Le Collezioni d’arte di Fondazione Cariparma
Le Collezioni d’arte di Fondazione Cariparma rappresentano uno dei più significativi patrimoni culturali del territorio parmense e testimoniano l’impegno che la Fondazione porta avanti da sempre nella valorizzazione dell’arte e della cultura come strumenti di crescita della comunità, di dialogo tra generazioni e di coesione sociale. Si tratta di un patrimonio in continua valorizzazione, oggetto di attività di catalogazione, ricerca, restauro e promozione, finalizzate a favorirne la conoscenza da parte del pubblico e della comunità scientifica. Proprio la volontà di rendere questo patrimonio sempre più vivo e accessibile ha spinto la Fondazione a trovare una nuova modalità di fruizione, attraverso il progetto Connessioni, il modello di sperimentazione diffusa delle Collezioni d’arte di Fondazione Cariparma, grazie al quale una parte significativa delle opere custodite nelle sale e nei sotterranei di Palazzo Bossi Bocchi, uscirà dai tradizionali spazi di conservazione, per abitare luoghi diversi del territorio fra cui musei, spazi culturali ma anche luoghi non convenzionali in cui l’arte assume un ruolo di benessere e cura.
Le opere provengono dai nuclei derivanti dalle acquisizioni della Cassa di Risparmio prima e della Fondazione poi, che hanno promosso un collezionismo teso alla conservazione e alla tutela della memoria locale.
Nel corso degli anni, le collezioni sono state inoltre arricchite dalle numerose donazioni di privati che hanno permesso di ampliare l’origine e la varietà di tipologie delle raccolte: dallo splendido autoritratto a penna di Parmigianino,
passando per la caravaggesca tela di Lanfranco, dai seicenteschi ritratti farnesiani a quelli di epoca borbonica di Van Loo, dalle padane nature morte di Boselli al prezioso ciclo ottocentesco di Giambattista Borghesi, sino alla Parma trasfigurata di Bruno Zoni e al dialogo con l’informale di Goliardo Padova.

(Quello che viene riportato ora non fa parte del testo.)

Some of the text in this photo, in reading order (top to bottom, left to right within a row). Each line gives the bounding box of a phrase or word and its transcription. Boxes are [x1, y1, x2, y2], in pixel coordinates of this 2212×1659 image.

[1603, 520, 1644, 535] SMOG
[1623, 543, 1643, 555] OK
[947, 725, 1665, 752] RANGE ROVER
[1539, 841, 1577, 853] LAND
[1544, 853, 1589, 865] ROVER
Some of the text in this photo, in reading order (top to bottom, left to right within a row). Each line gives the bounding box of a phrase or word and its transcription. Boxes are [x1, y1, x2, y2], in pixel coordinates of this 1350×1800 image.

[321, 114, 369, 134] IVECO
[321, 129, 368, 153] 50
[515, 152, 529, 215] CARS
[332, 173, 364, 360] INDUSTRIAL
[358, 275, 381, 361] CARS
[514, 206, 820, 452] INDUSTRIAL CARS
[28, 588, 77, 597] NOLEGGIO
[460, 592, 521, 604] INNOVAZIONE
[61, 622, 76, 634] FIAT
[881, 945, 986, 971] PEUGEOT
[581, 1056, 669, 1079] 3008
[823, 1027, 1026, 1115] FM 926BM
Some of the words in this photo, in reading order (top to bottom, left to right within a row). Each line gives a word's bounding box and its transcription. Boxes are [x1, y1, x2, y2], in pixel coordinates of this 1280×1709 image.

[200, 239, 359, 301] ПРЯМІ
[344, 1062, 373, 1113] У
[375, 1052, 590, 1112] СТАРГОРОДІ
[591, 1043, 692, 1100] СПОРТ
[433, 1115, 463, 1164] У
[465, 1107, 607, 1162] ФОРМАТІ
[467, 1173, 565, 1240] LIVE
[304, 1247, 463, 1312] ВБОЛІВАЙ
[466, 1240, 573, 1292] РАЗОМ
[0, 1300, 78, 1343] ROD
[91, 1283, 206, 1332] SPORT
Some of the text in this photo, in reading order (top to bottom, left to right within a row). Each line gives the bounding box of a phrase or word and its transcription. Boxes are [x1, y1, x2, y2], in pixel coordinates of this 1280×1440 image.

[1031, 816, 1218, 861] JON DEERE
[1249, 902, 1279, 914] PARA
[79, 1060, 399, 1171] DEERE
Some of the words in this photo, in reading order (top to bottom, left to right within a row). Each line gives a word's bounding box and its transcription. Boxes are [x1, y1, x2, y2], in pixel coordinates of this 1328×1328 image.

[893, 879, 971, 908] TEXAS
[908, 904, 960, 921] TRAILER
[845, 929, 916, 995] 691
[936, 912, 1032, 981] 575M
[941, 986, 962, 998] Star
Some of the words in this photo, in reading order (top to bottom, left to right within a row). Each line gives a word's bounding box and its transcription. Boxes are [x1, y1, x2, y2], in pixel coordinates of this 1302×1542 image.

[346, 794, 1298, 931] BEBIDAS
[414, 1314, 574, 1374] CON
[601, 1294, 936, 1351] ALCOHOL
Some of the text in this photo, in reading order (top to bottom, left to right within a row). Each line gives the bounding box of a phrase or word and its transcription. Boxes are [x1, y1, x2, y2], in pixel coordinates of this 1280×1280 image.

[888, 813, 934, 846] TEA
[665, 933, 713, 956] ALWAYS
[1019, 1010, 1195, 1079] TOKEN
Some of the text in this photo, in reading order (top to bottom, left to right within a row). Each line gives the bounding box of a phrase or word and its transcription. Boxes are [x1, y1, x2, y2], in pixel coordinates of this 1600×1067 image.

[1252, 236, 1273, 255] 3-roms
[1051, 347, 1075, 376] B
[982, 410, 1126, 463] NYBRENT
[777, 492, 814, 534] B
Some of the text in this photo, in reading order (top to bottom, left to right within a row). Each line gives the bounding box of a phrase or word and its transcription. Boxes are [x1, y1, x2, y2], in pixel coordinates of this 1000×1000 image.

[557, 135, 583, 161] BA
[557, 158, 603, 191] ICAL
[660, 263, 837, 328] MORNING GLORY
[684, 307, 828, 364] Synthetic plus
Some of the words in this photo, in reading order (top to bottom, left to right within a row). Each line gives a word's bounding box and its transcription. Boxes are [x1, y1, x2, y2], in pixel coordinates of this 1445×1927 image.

Tra le opere dell’intera collezione, sono stati individuati, come particolarmente rilevanti, quattro fondi che identificano altrettanti ambiti di eccellenza: la Collezione Renato Bruson, frutto della straordinaria raccolta del celebre baritono e di sua moglie Tita, che custodisce un importante nucleo di opere dell’ 800 italiano; la donazione Mingardi, con i suoi 195 “Libri d’Artista”, realizzati dai più importanti artisti e pubblicati a cavallo tra la fine del XIX e la metà del XX secolo, e i 134 volumi del fondo sulla storia dell’editoria europea, dal XV al XX secolo. Il fondo di Cartamoneta che rappresenta una testimonianza di grande valore storico ed economico, attraverso cui è possibile ripercorrere vicende, trasformazioni e identità del nostro Paese. Il quarto fondo è rappresentato dall’Archivio di Carlo Bavagnoli, uno dei padri del fotogiornalismo italiano composto da 20.000 oggetti tra negativi, diapositive, provini e 150 volumi sulla storia della fotografia.
Accanto a questi fondi strategici, Fondazione Cariparma conserva numerose altre raccolte che testimoniano la ricchezza e la varietà del patrimonio custodito. Dipinti, sculture, opere grafiche, documenti, oggetti d’arte e testimonianze legate alla storia del territorio compongono un insieme articolato che racconta secoli di creatività, committenza e produzione culturale. Gli importanti lasciti acquisiti nel tempo hanno ampliato i confini della raccolta, che ora va ben oltre l’ambito locale rivelando la raffinatezza di alcune collezioni private. Tra le donazioni di maggiore rilevanza si ricordano anche: la Donazione dei fratelli Edoardo e Domitilla Garbarino, che ha nello splendido nucleo di maioliche il suo punto di forza e la Donazione dei fratelli Maria e Andrea Cozza, che ha arricchito palazzo Bossi Bocchi di una consistente presenza di autori fiamminghi.